The variance of the score is called the Fisher information:

\[\fI(\bt) = \Var \u(\bt|X).\]

On its surface, this would seem to have nothing to do with information. However, the connection between the variance of the score and the curvature of the log-likelihood is made clear in the following theorem.

Theorem: If the likelihood allows all second-order partial derivatives to be passed under the integral sign, then

\[\fI(\bts) = \Ex \oI(\bts|X).\]

Proof: Letting \(P\) denote the distribution function and \(p\) the density function,

\[\begin{alignat*}{2} \Ex \oI(\bts|X) &= - \int \nabla^2_{\bt} \log p(x|\bts) dP(x|\bts) \\ &= -\int \nabla_{\bt} \frac{\nabla_{\bt} p(x|\bts)}{p(x|\bts)} dP(x|\bts) &\hspace{2em}& \href{vector-calculus.html}{\text{CR}}; \nabla \log x = 1/x \\ &= -\int \frac{\nabla^2_{\bt} p(x|\bts) p(x|\bts) - \nabla_{\bt} p(x|\bts) \nabla_{\bt} p(x|\bts) \Tr}{p(x|\bts)^2} dP(x|\bts) && \href{vector-calculus.html}{\text{Chain rule}} \\ &= -\nabla^2_{\bt}\int dP + \int \left(\frac{\nabla_{\bt} p(x|\bts)}{p(x|\bts)}\right) \left(\frac{\nabla_{\bt} p(x|\bts)}{p(x|\bts)}\right) \Tr dP(x|\bts) && \text{If $\nabla^2_{\bt}$ can be passed} \\ &= -\nabla^2_{\bt} \int dP + \int \u \u \Tr dP && \href{score.html}{\text{Def score}} \\ &= \int \u \u \Tr dP && \int dP = 1 \\ &= \Var \u && \href{score-expectation.html}{\Ex \u = 0} \end{alignat*}\]
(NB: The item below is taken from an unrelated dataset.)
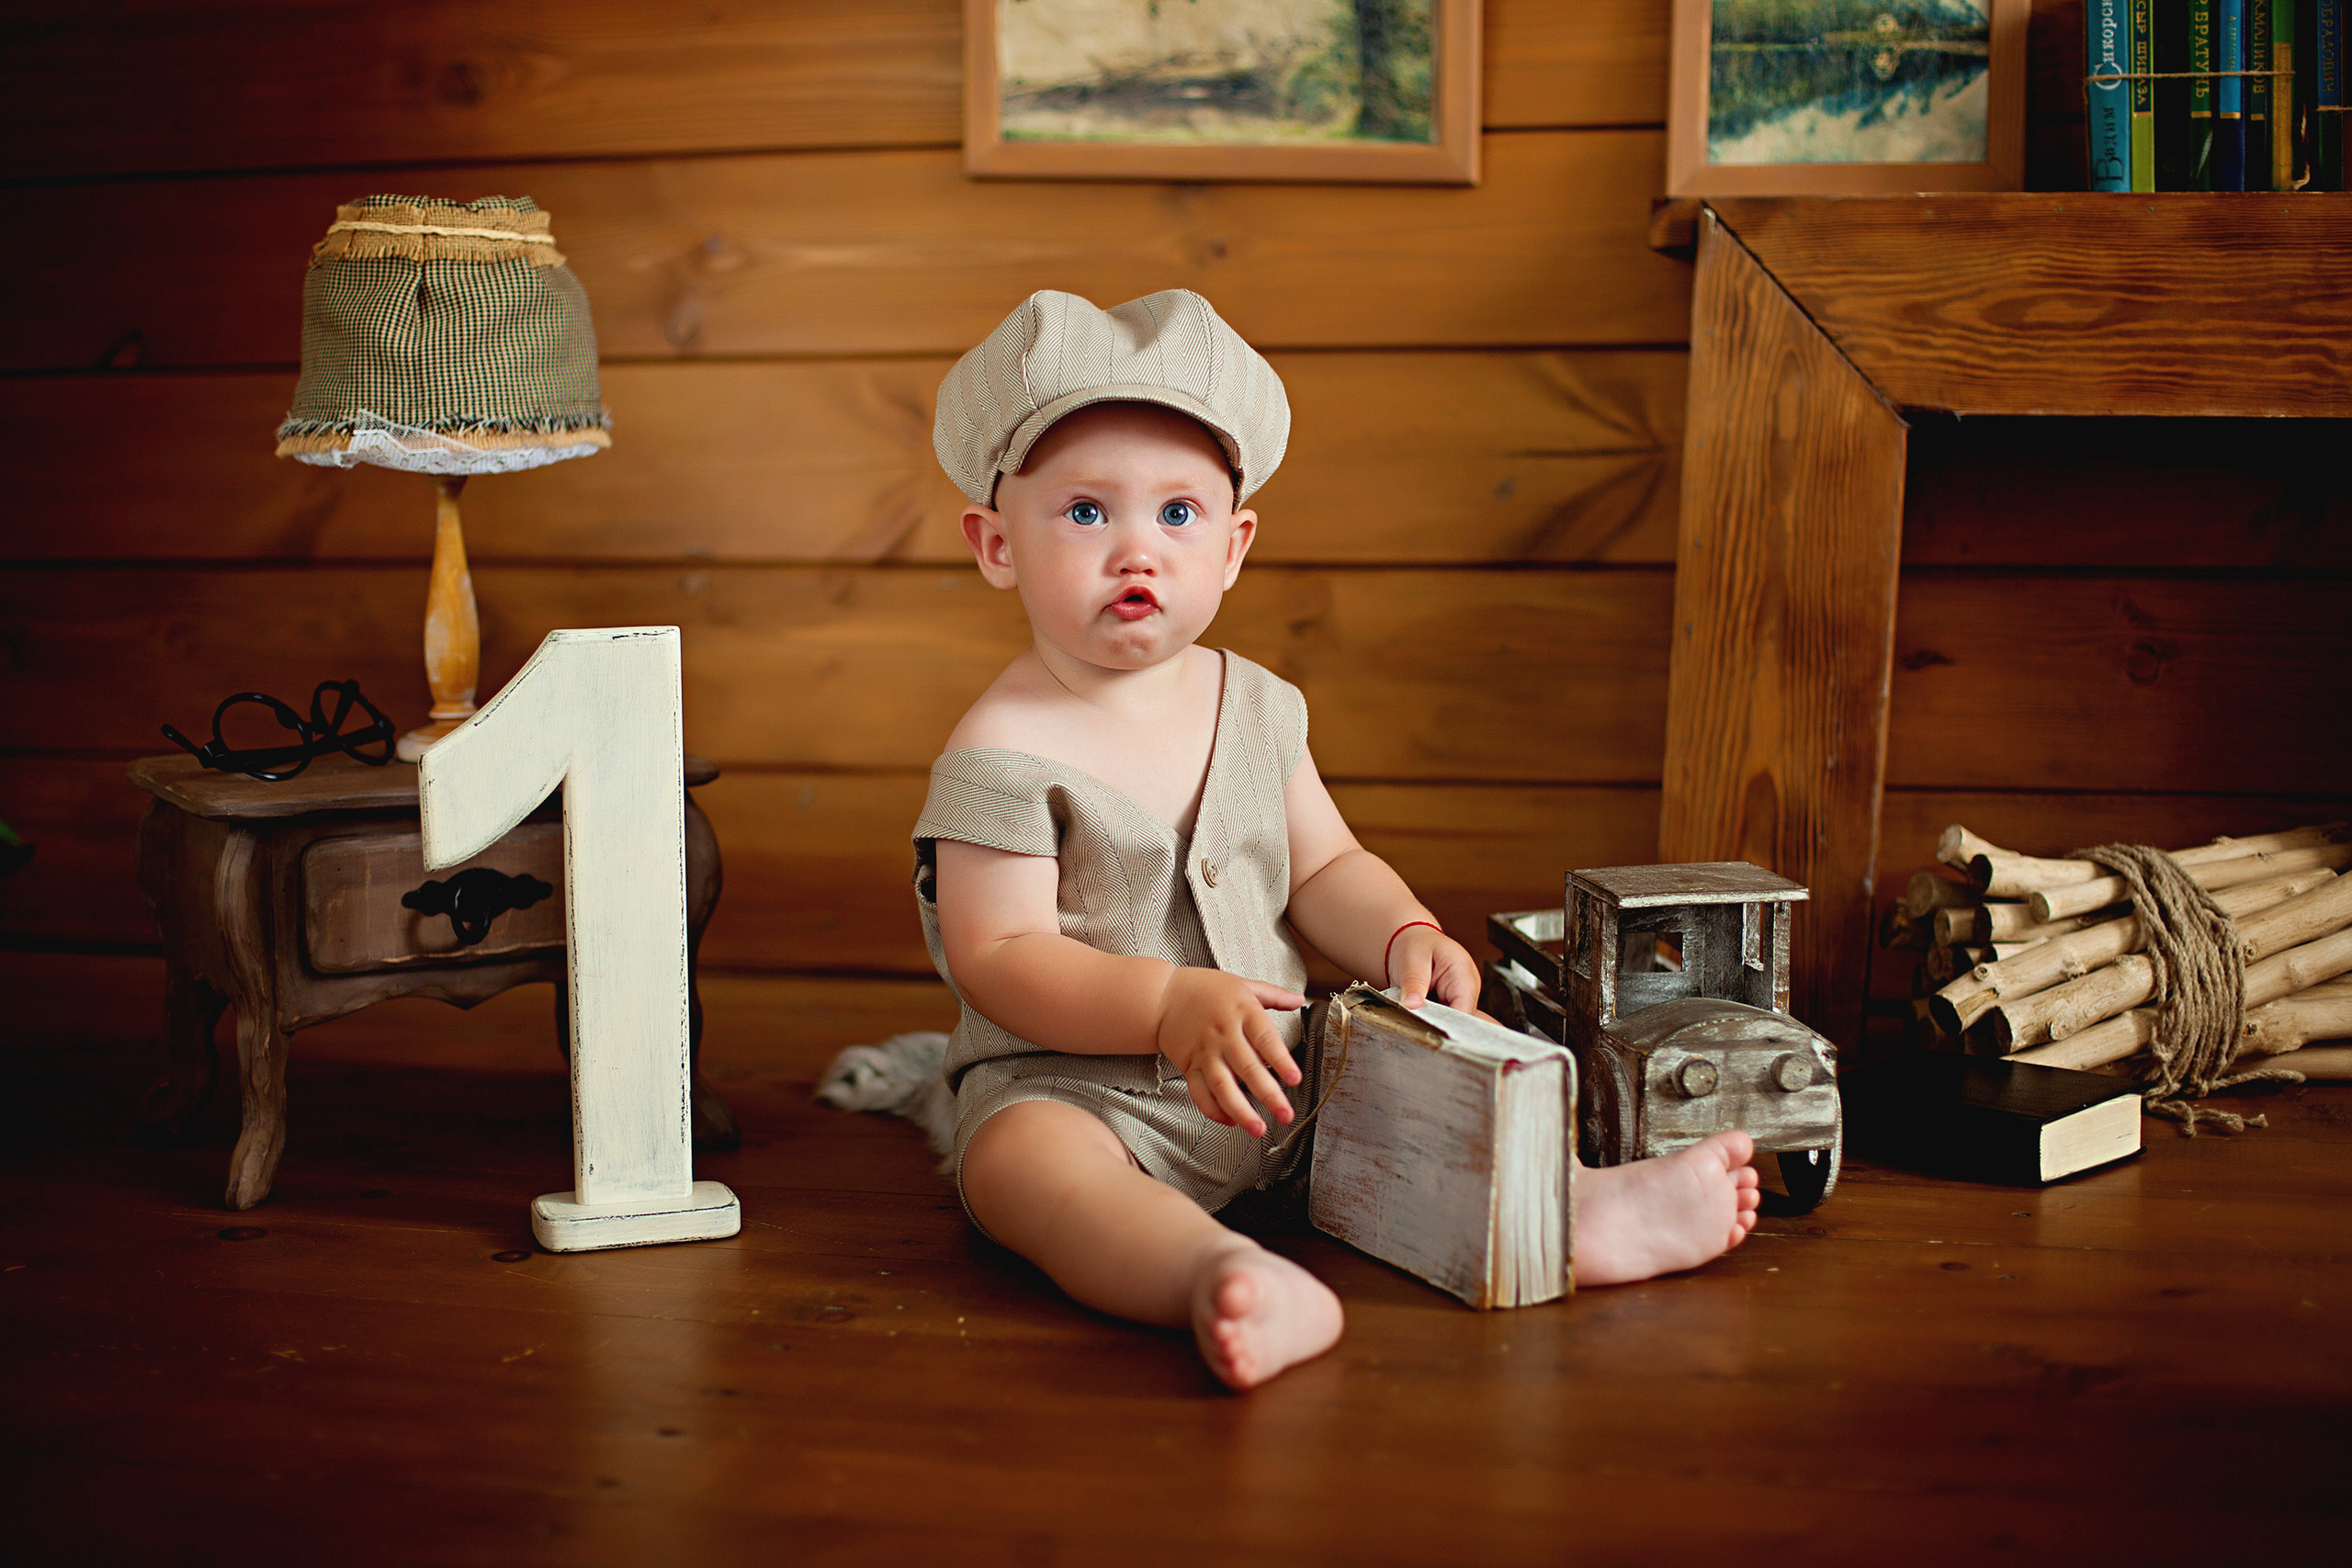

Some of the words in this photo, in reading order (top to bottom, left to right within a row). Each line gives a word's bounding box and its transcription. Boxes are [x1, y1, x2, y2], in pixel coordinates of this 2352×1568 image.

[2195, 11, 2210, 98] БРАТУНЬ
[2096, 107, 2123, 184] Вадим
[419, 626, 695, 1206] 1
In the final step, note that \(\nabla^2_{\bt}\) passable \(\implies \nabla_{\bt}\) is passable.

Multiple observations

The above definition and proof assumes that we have a single observation. In cases where we have repeated observations \(X_1, \ldots, X_n\), the symbol \(\fI(\bt)\) is unchanged: it still represents the expected information from a single observation. To indicate the information for the entire sample, we use the symbols $\oI_n(\bt)$ and $\fI_n(\bt)$.

If observations are iid, then each observation has the same Fisher information and $\Ex \oI_n = n \fI = \fI_n$. If observations are independent, but not necessarily identically distributed, then \(\fI(\bt)\) requires subscripts and

\[\Ex \oI_n = \sum_{i=1}^n \fI_i = \fI_n.\]

If observations are not independent, then the Fisher information is more difficult to calculate as it involves the multivariate (joint) distribution of $\x$.